Another private bank is planning to boost its front-office workforce in Asia. Union Bancaire Privée (UBP) is looking to increase its relationship manager (RM) headcount in the region by 10% to 15% in the next 12 months, says Asia chief executive Michael Blake.
This translates to around 10 to 15 RMs across its Singapore and Hong Kong offices, which have teams of about the same size. RMs comprise slightly under a third of employees in wealth management at the bank, which has about 300 staff across the region.
Two-thirds of UBP’s regional business growth has come from new recruits over the last five years, says Blake. The Geneva-headquartered firm has made senior hires in Singapore and Hong Kong in recent months, including Frankie Tong from Deutsche Bank as head of investment consultants, North Asia. Senior Hong Kong-based RMs Gigi Liu and Connie Chan have joined from Bank of Montreal and BNP Paribas, respectively. In Singapore, the new arrivals include former Bank of Singapore duo Jasmine Er (now South Asia market head for key clients) and Chua Yng Chng, a relationship manager.
Despite these hires and UBP’s planned expansion, the firm isn’t among the most aggressive or largest recruiters in Asian private banking. “It’s not a numbers game.
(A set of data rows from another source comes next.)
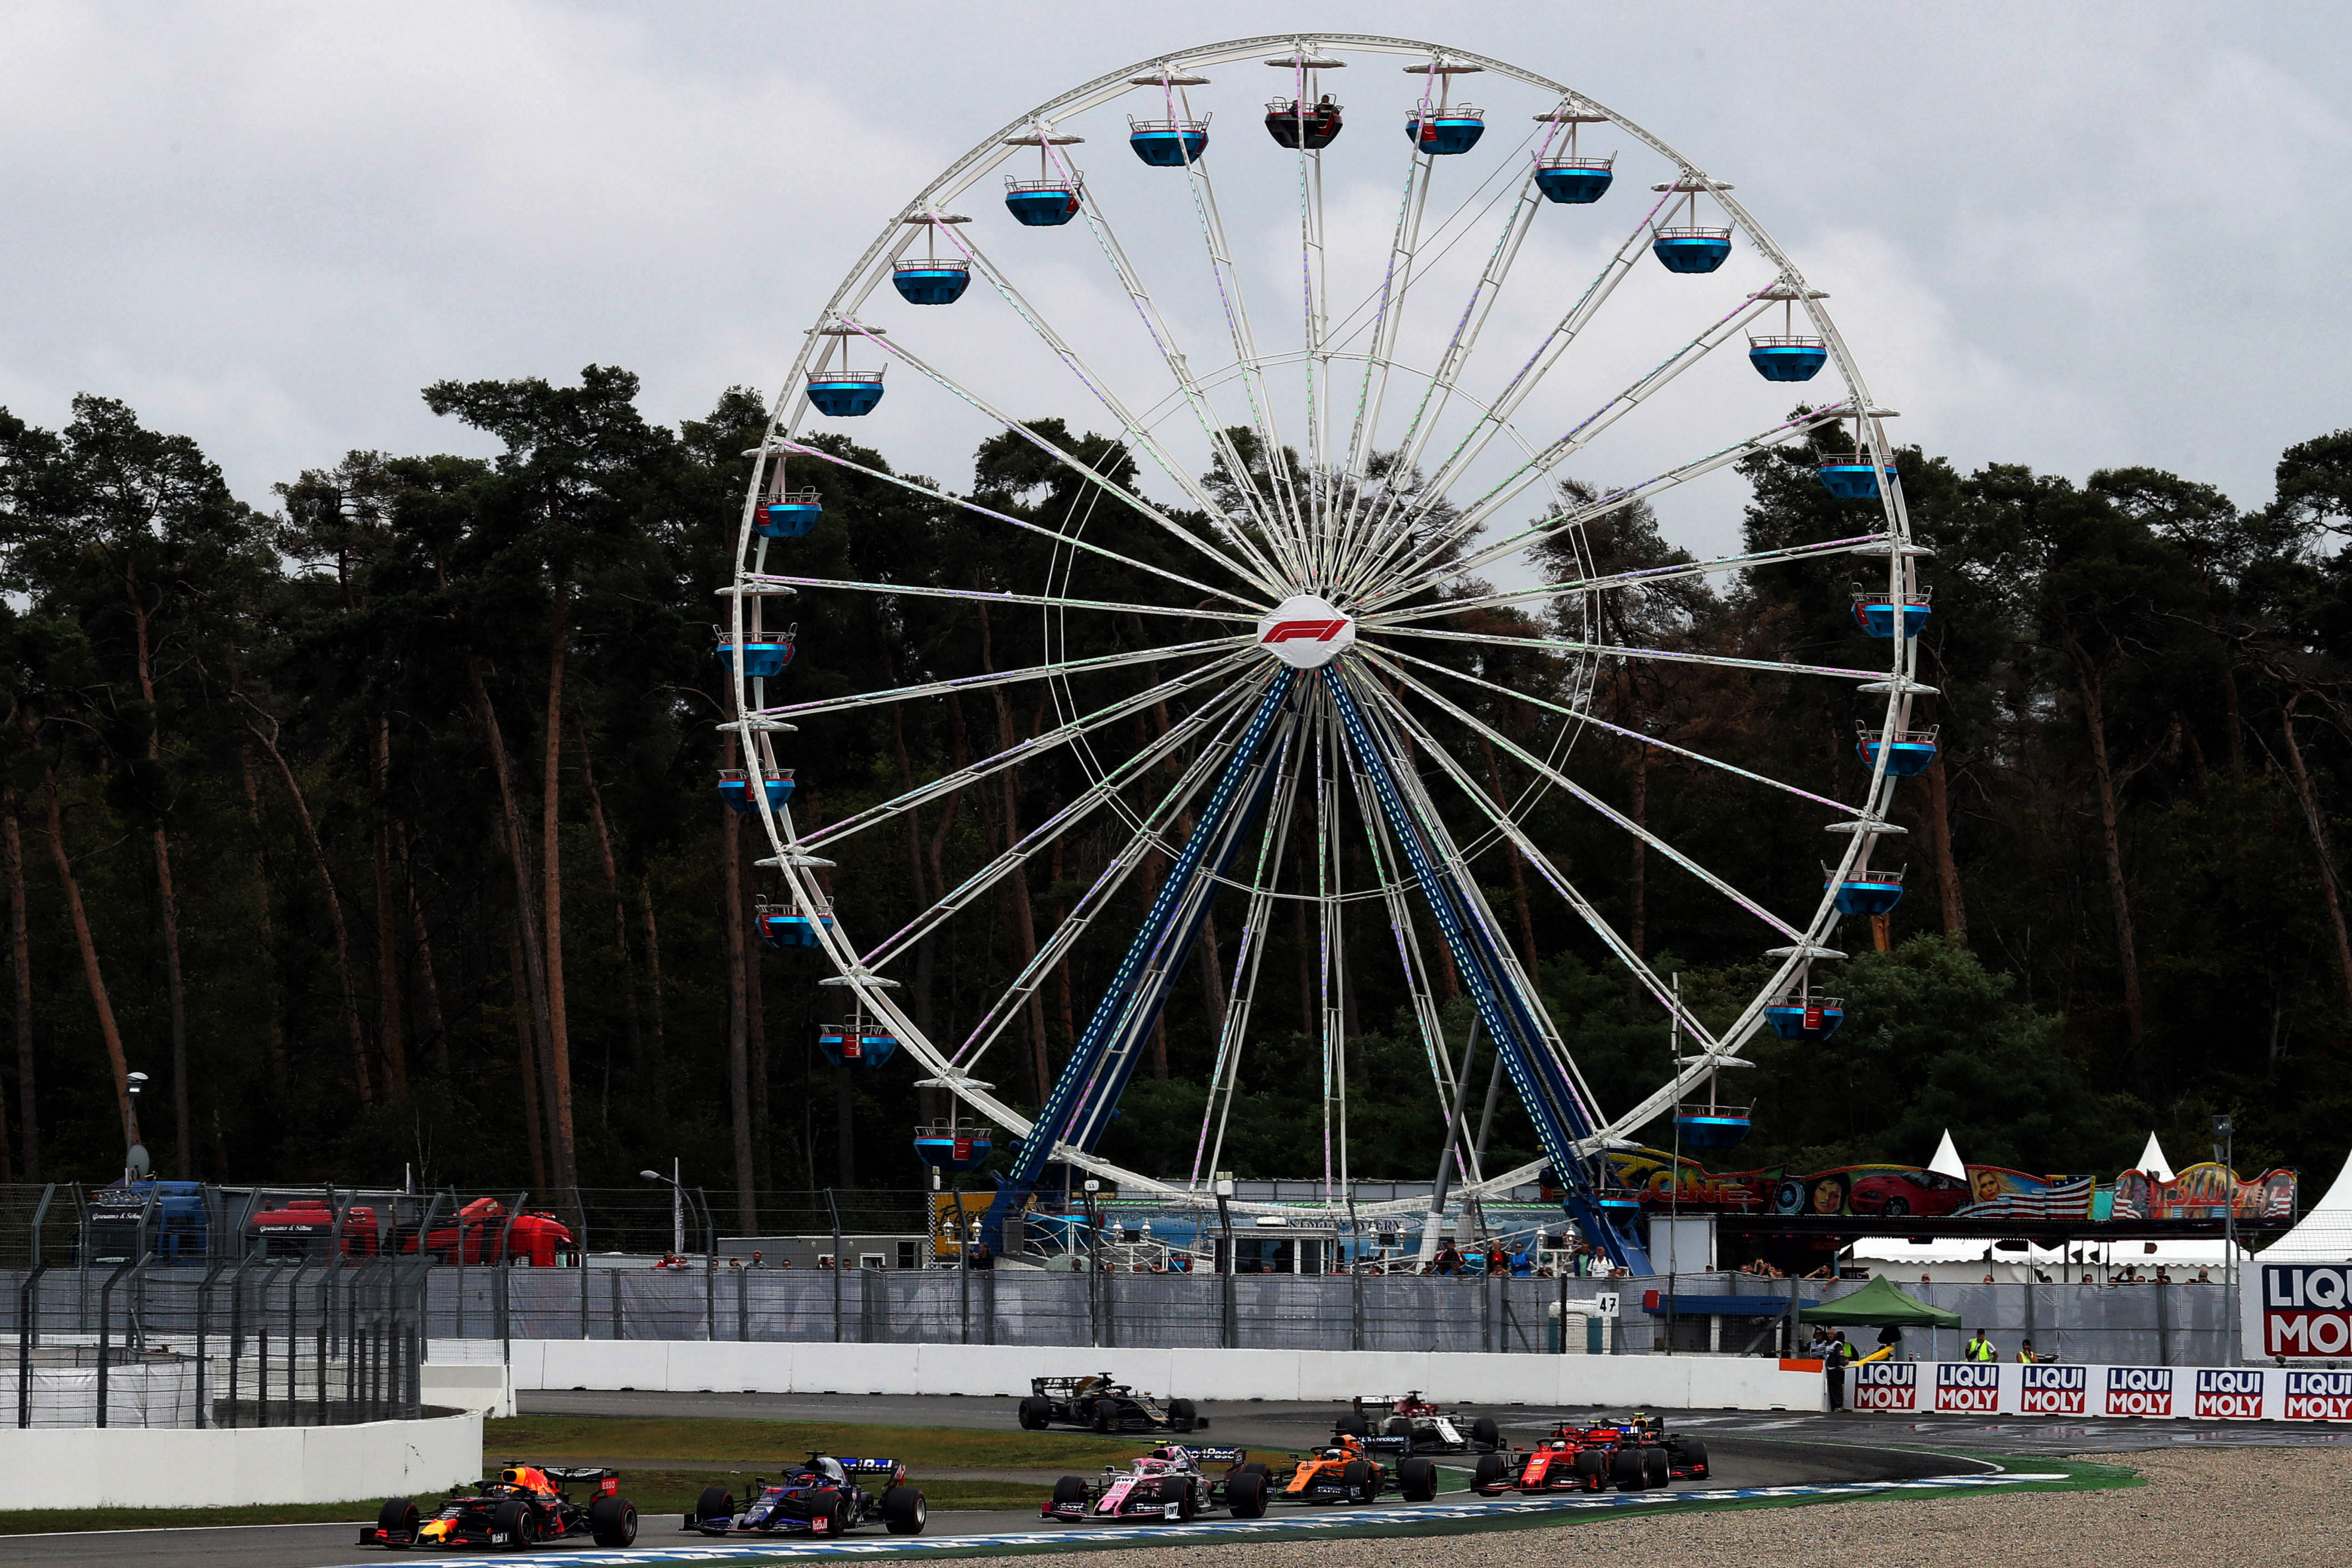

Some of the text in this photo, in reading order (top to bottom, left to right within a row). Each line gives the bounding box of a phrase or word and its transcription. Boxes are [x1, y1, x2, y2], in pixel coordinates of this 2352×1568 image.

[1260, 619, 1349, 643] F1
[2269, 1268, 2352, 1310] LIQ
[1600, 1297, 1616, 1312] 47
[2271, 1314, 2352, 1354] MO
[1858, 1365, 1914, 1386] LIQUI
[1939, 1365, 1997, 1387] LIQUI
[2025, 1367, 2082, 1389] LIQUI
[2110, 1369, 2169, 1391] LIQUI
[2199, 1372, 2260, 1393] LIQUI
[2289, 1374, 2351, 1396] LIQUI
[1856, 1387, 1915, 1408] MOLY
[1938, 1389, 1997, 1410] MOLY
[2024, 1391, 2084, 1412] MOLY
[2109, 1392, 2171, 1413] MOLY
[2198, 1395, 2262, 1415] MOLY
[2288, 1397, 2352, 1418] MOLY
[602, 1481, 615, 1489] ESSO
[492, 1533, 503, 1544] Mobil
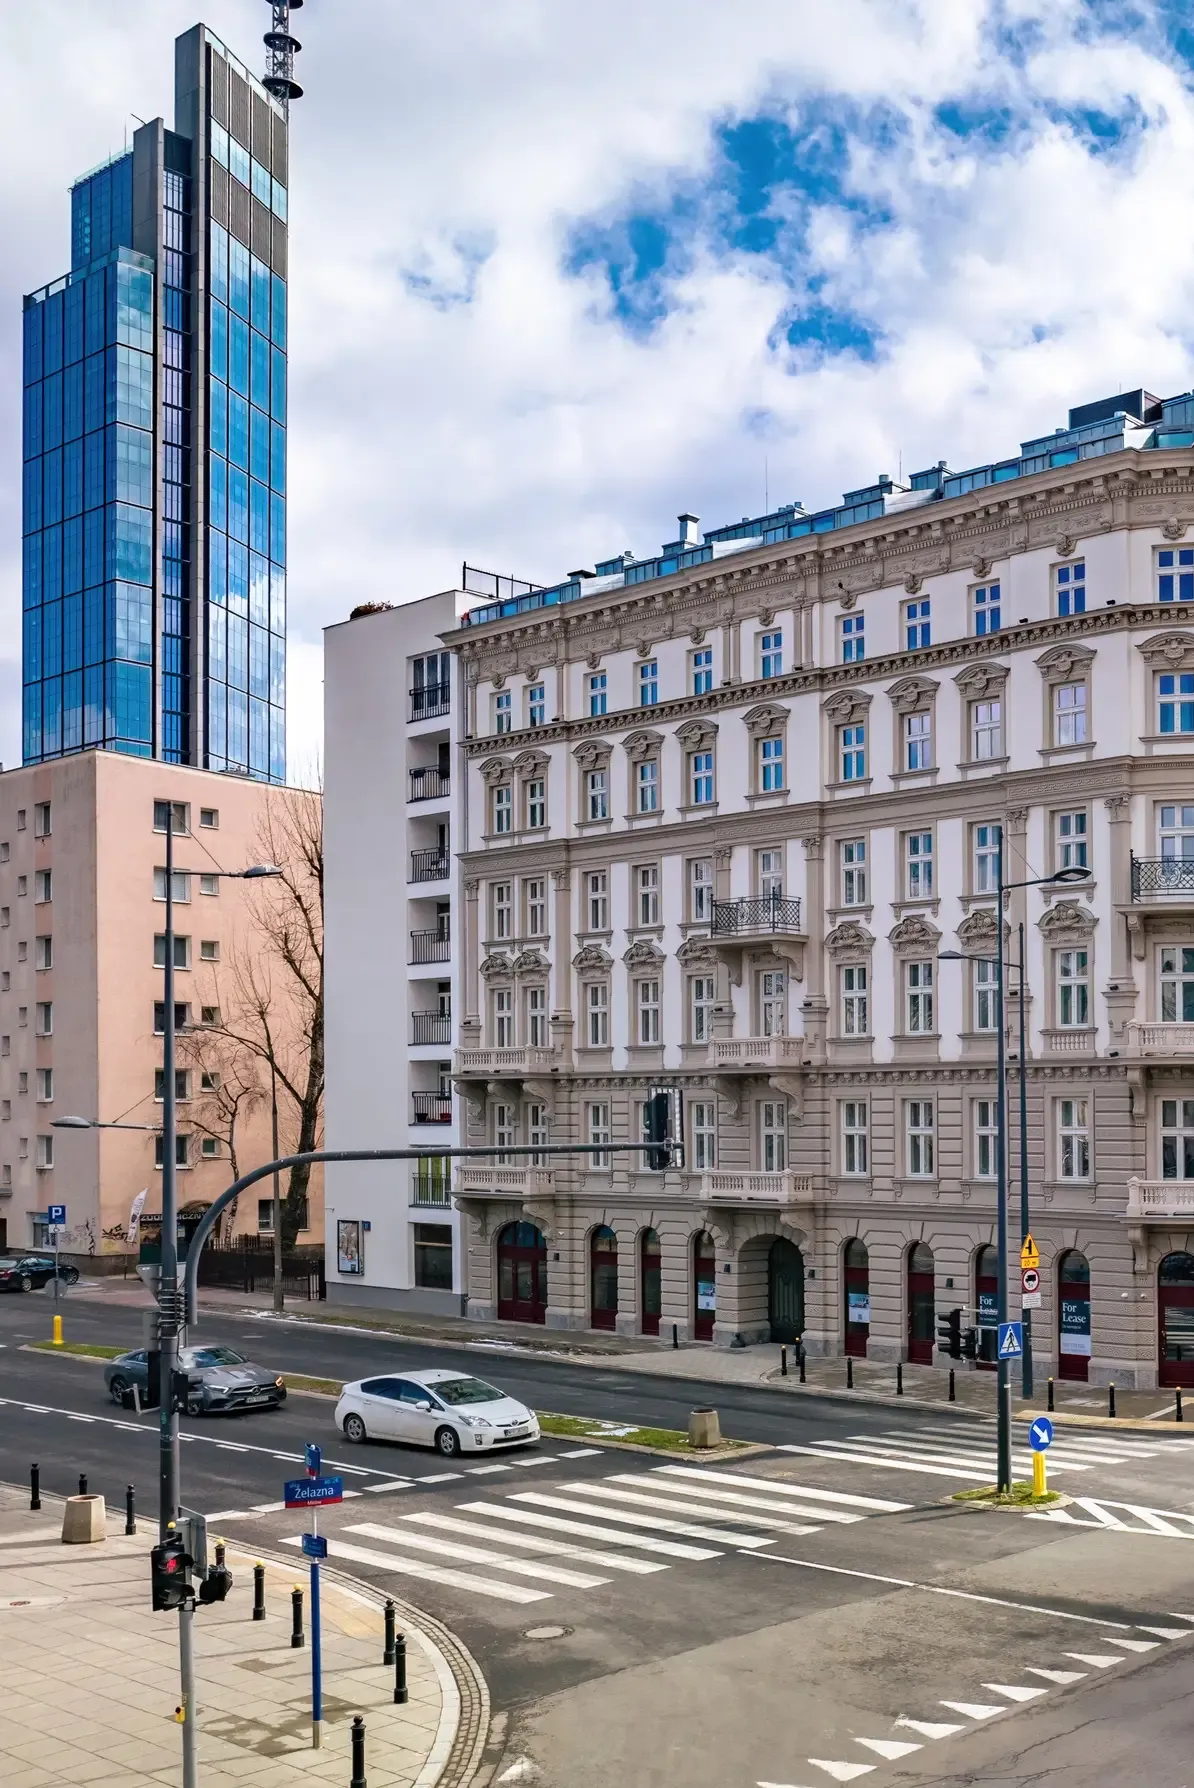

We focus on hiring fewer and more senior people,” says Blake, adding that three-quarters of its bankers have over 10 years’ experience. “Experience is absolutely critical. We’re looking for RMs who understand their clients’ needs and use our investment platforms and equities to build customised solutions for clients. It takes time to find a good fit,” he adds.
Blake says demand for RMs – as well as other roles, such as private market and discretionary portfolio management specialists – remains robust in Asia despite Covid-19 because the region continues to offer firms growth opportunities. In particular, Singapore and Hong Kong remain attractive locations for regional wealth management, says Blake.
“The pace of wealth growth across the region remains pretty high. We continue to see demand for strong candidates in the market, as firms have confidence to continue hiring,” says Blake. The wealth pool in Asia is growing by about 10% per year, and a large portion of these assets are not professionally managed. This has created continued demand for wealth management services, he adds.
Despite this, Blake says UBP has not been impacted by recent shortages of wealth managers regionally. Continued demand for RMs should not be seen as a shortage of talent, but as a sign of industry growth, he says, adding that there has always been fierce competition for the experienced RMs that UBP seeks.
Boutique private banks like UBP don’t appeal to all relationship managers, especially those who want to offer clients in-house investment banking products. HSBC and Deutsche Bank are among the large banks that have announced hiring drives in Asian private banking this year.
Still, Blake says senior RMs are drawn to UBP when they want “less bureaucracy and more flexibility in terms of their approach to relationship management”.